### Assignment
Return, word for word, every entry in the listing below, but not its images.

### Given data
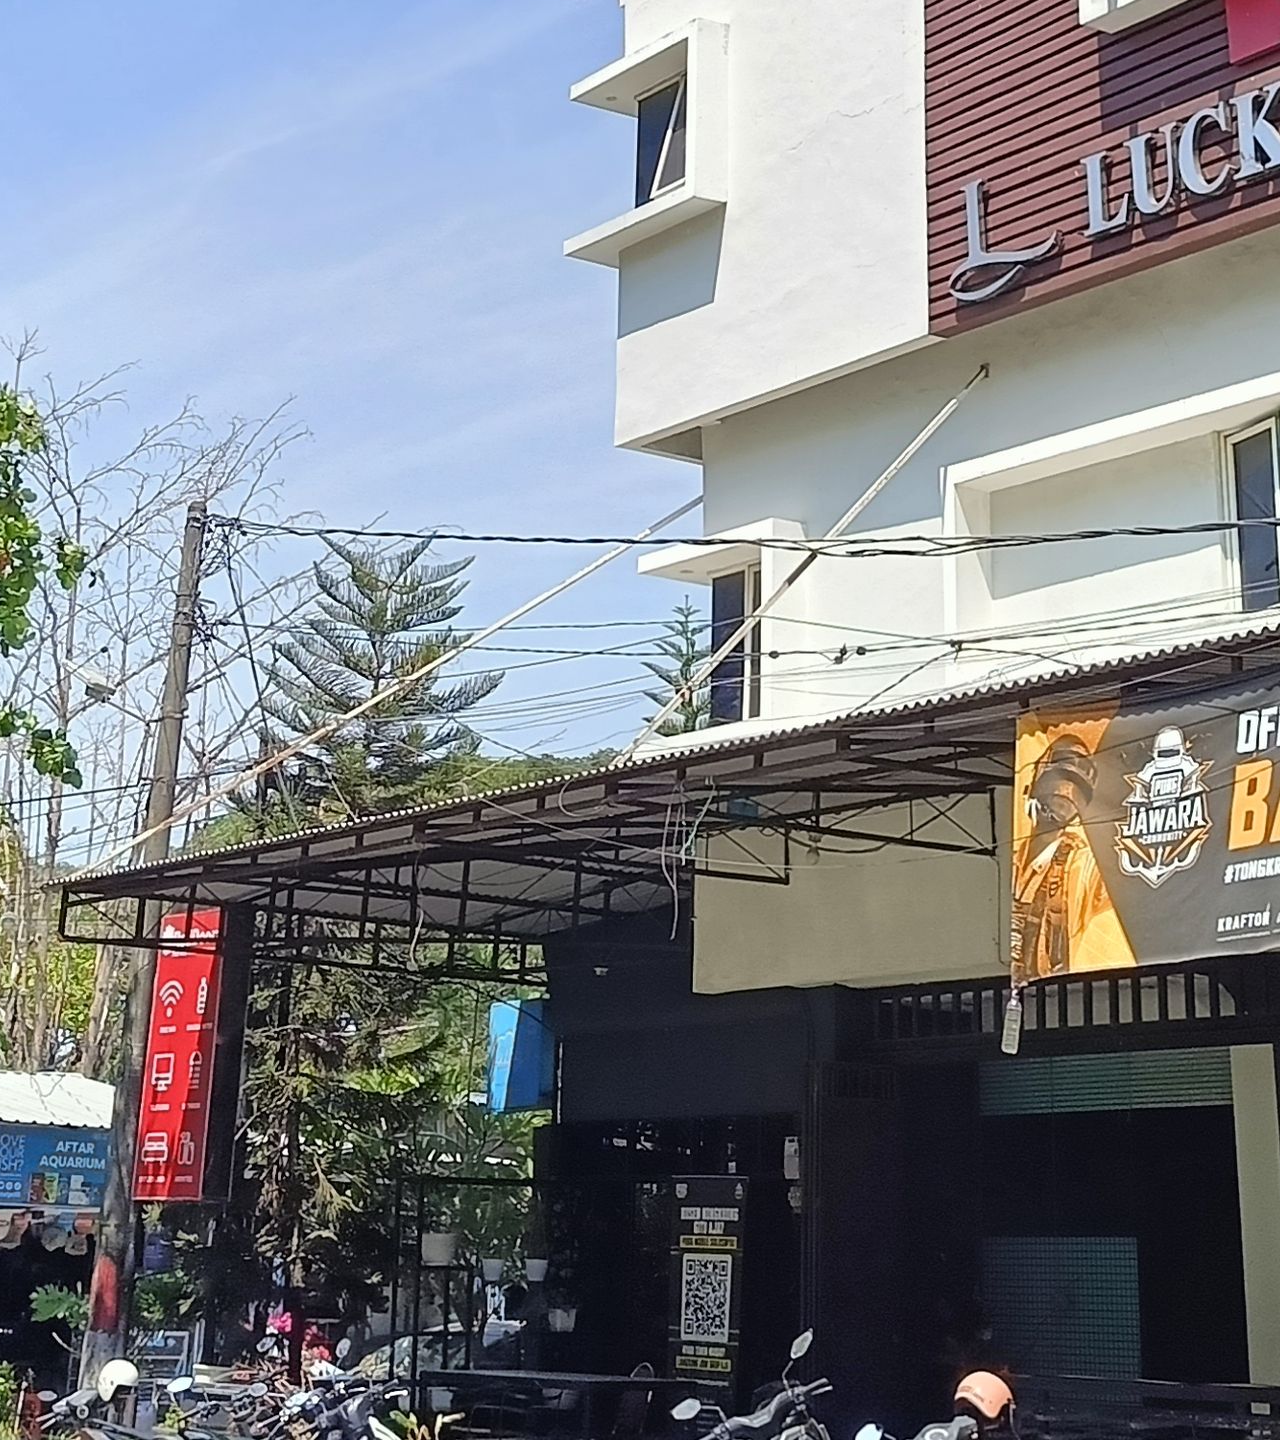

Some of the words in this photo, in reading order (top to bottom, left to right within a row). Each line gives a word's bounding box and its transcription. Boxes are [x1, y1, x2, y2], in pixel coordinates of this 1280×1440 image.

[1121, 796, 1206, 836] JAWARA
[1217, 905, 1271, 933] KRAFTON
[55, 1140, 95, 1155] AFTAR
[39, 1155, 106, 1170] AQUARIUM

### Task output
Some of the words in this photo, in reading order (top to bottom, left to right within a row). Each line gives a word's bounding box and its transcription. Boxes are [x1, y1, x2, y2], in pixel coordinates of this 1280×1440 image.

[1121, 796, 1206, 836] JAWARA
[1217, 905, 1271, 933] KRAFTON
[55, 1140, 95, 1155] AFTAR
[39, 1155, 106, 1170] AQUARIUM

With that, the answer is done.